(1)
Dieses Gesetz gilt für die Berliner Verwaltung (unmittelbare Landesverwaltung).
(2)
Auf die landesunmittelbaren Körperschaften, rechtsfähigen Anstalten und Stiftungen des öffentlichen Rechts (mittelbare Landesverwaltung) findet dieses Gesetz nur Anwendung, soweit es dies bestimmt.
(3)
Auf die Verwaltung des Abgeordnetenhauses, den Rechnungshof, die Berliner Beauftragte oder den Berliner Beauftragten für Datenschutz und Informationsfreiheit sowie die Bürger- und Polizeibeauftragte oder den Bürger- und Polizeibeauftragten findet dieses Gesetz, außer in Angelegenheiten der Personalverwaltung und der Verwaltung von Dienstgebäuden und -räumen, nur Anwendung, soweit es dies bestimmt.
(4)
Dieses Gesetz findet auf die Organe der Rechtspflege, insbesondere die Gerichte und Staatsanwaltschaften, Anwendung, soweit Verwaltungsaufgaben betroffen sind. Auf die für Justiz zuständige Senatsverwaltung findet das Gesetz keine Anwendung, soweit diese selbst als Organ der Rechtspflege oder für Organe der Rechtspflege außerhalb des in Satz 1 bezeichneten Aufgabenbereichs tätig ist. Die verfassungsrechtlichen Vorgaben zur Rechtspflege sind zu beachten.
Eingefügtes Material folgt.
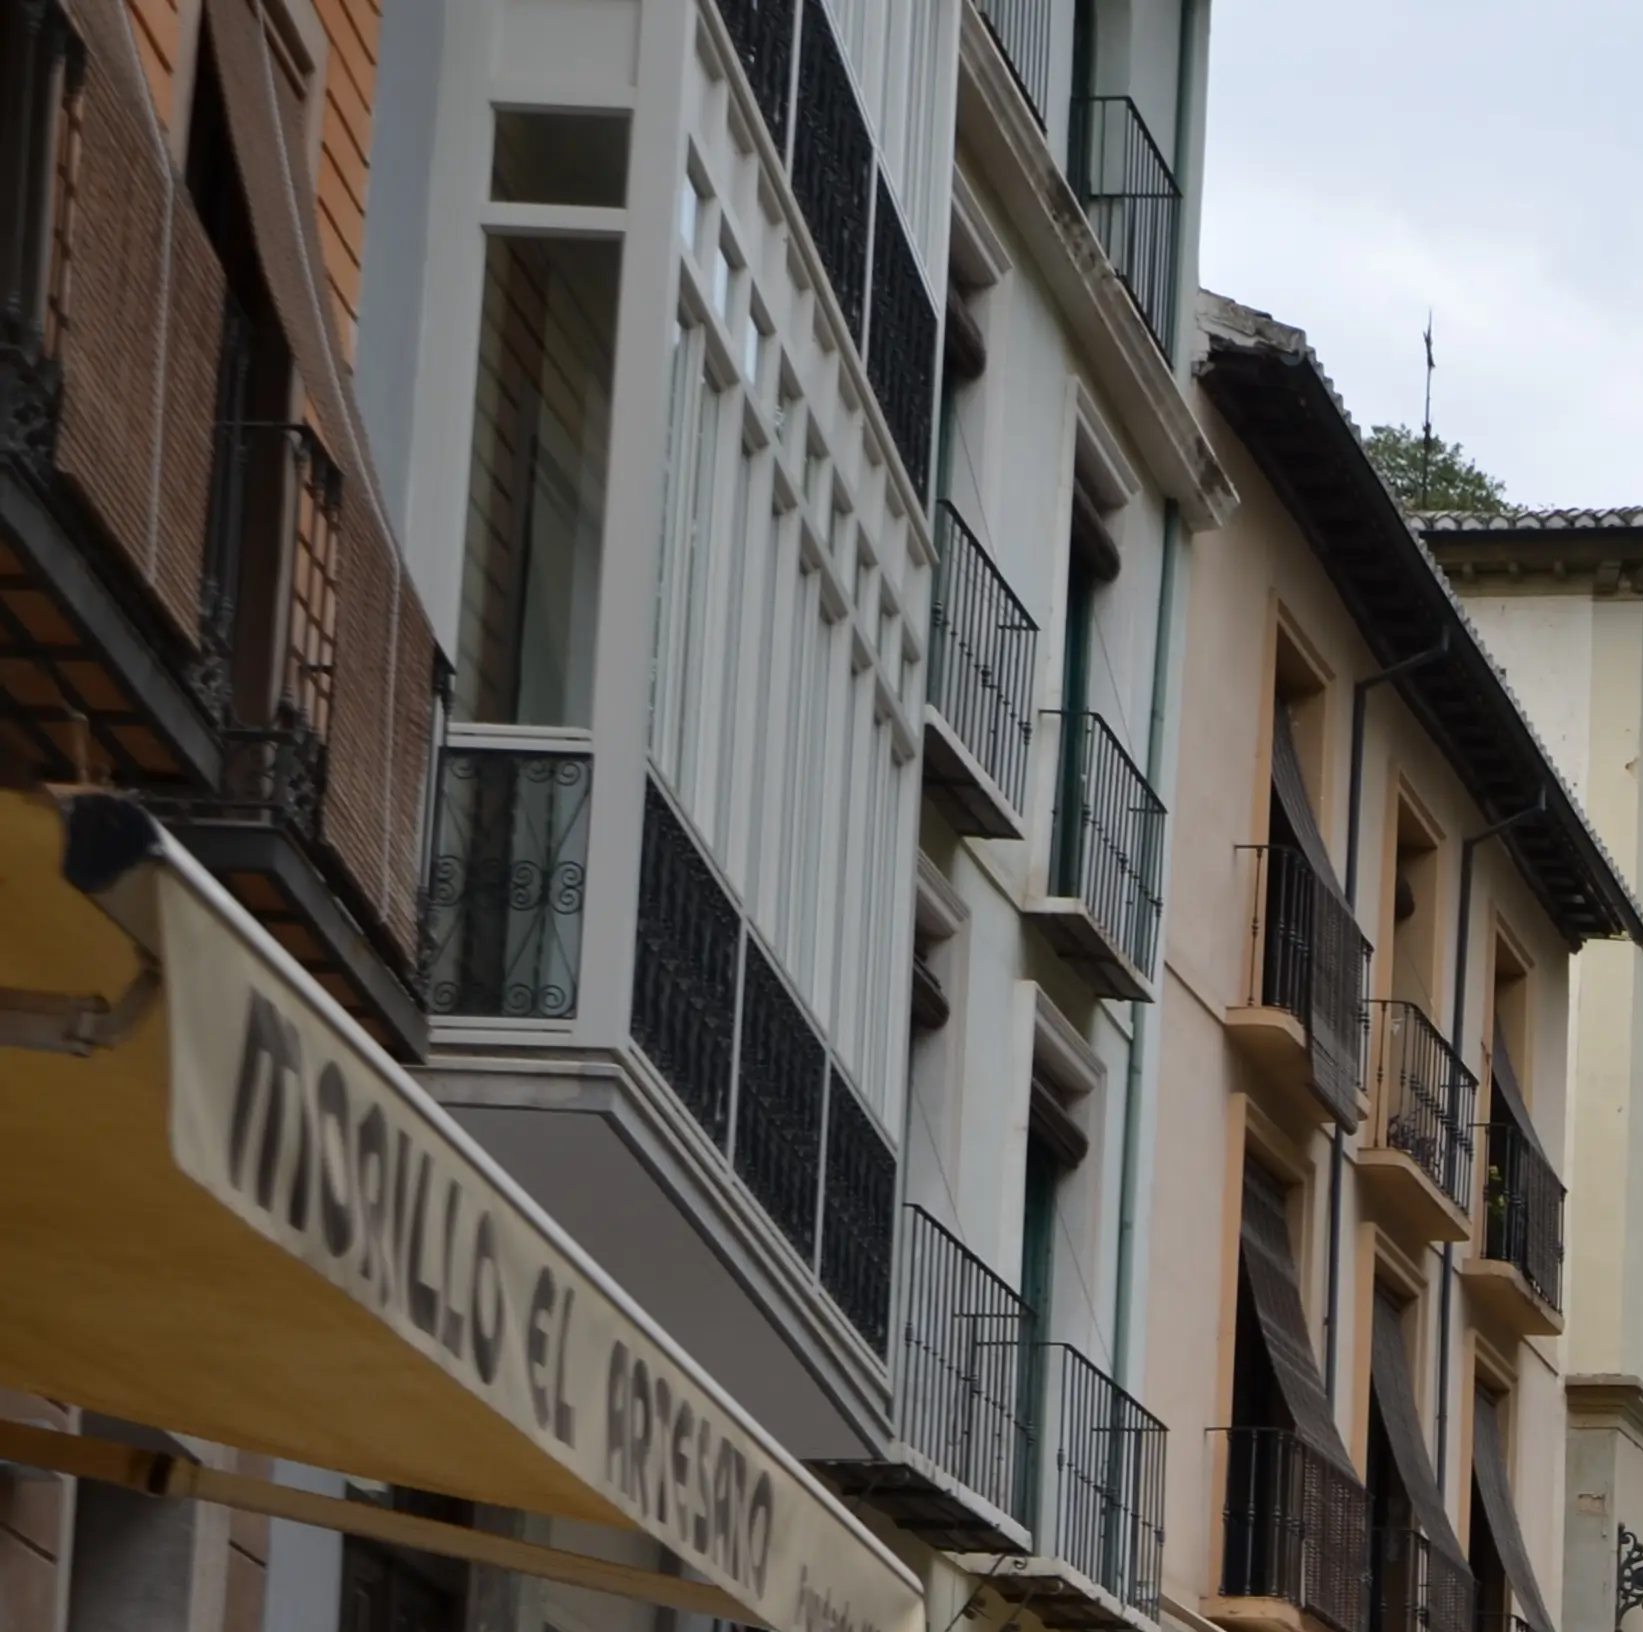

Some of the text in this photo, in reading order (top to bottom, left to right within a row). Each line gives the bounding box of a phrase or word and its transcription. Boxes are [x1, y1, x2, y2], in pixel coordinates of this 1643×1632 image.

Auf die für Arbeit zuständige Senatsverwaltung findet dieses Gesetz keine Anwendung, soweit diese im Sinne von Satz 2 für die Arbeitsgerichtbarkeit tätig ist.
(5)
Dieses Gesetz findet keine Anwendung auf
1.
die Kirchen, Religions- und Weltanschauungsgemeinschaften sowie deren Verbände, Einrichtungen und Stiftungen,
2.
die Sozialversicherungsträger,
3.
die Behörden der Steuerverwaltung, außer in Angelegenheiten der Personalverwaltung und der Verwaltung von Dienstgebäuden und -räumen und
4.
die Fraktionen des Abgeordnetenhauses von Berlin nach § 2Absatz 1 und Absatz 4 Satz 2 des Fraktionsgesetzes.